• [Saved data entries]:
┌──

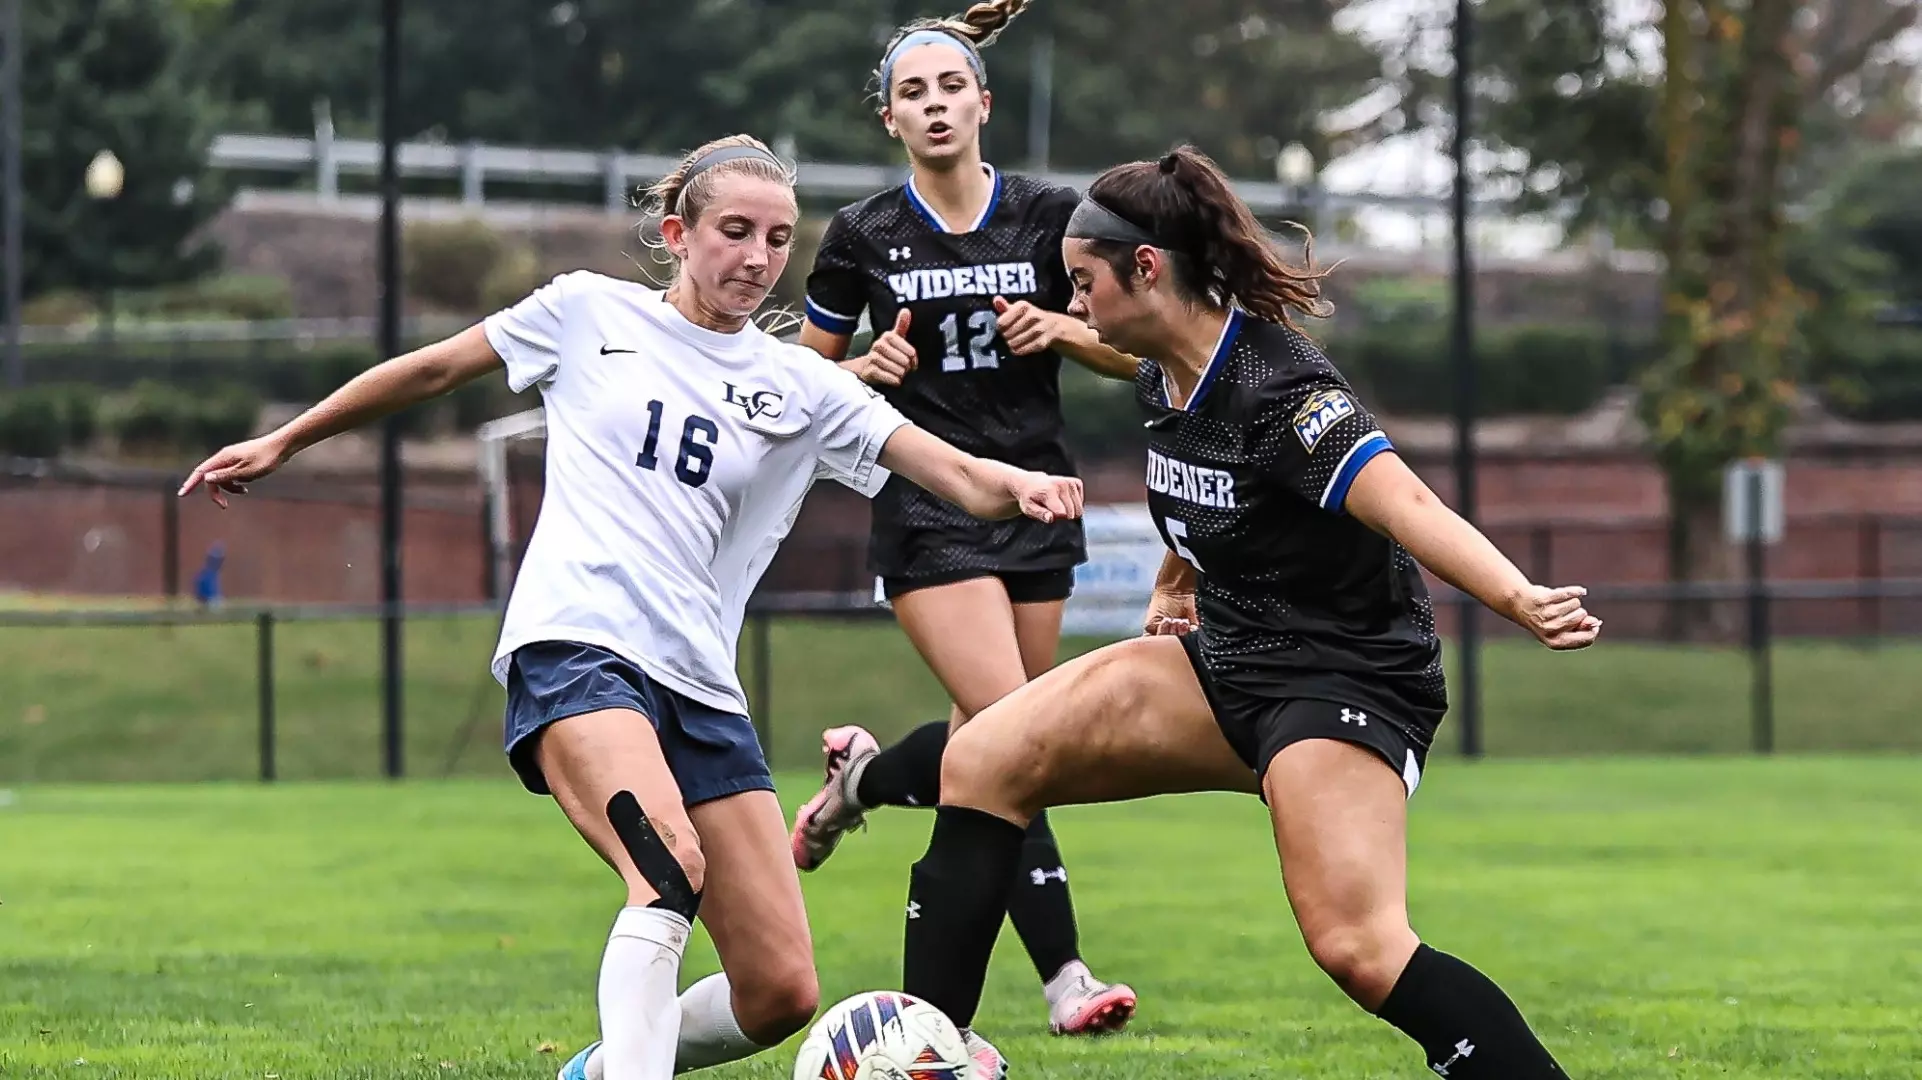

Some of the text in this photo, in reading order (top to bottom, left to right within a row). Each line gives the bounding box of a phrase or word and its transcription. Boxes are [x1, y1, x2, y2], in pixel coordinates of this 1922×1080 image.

[887, 261, 1038, 304] WIDENER
[938, 309, 1000, 373] 12
[721, 380, 784, 421] LVC
[1302, 398, 1351, 447] MAC
[635, 398, 719, 489] 16
[1145, 448, 1236, 509] IDENER

└──

• [Assignment]: Set down the data above word for word, leaving every picture out.

• [Response box]:
Some of the text in this photo, in reading order (top to bottom, left to right within a row). Each line gives the bounding box of a phrase or word and its transcription. Boxes are [x1, y1, x2, y2], in pixel coordinates of this 1922×1080 image.

[887, 261, 1038, 304] WIDENER
[938, 309, 1000, 373] 12
[721, 380, 784, 421] LVC
[1302, 398, 1351, 447] MAC
[635, 398, 719, 489] 16
[1145, 448, 1236, 509] IDENER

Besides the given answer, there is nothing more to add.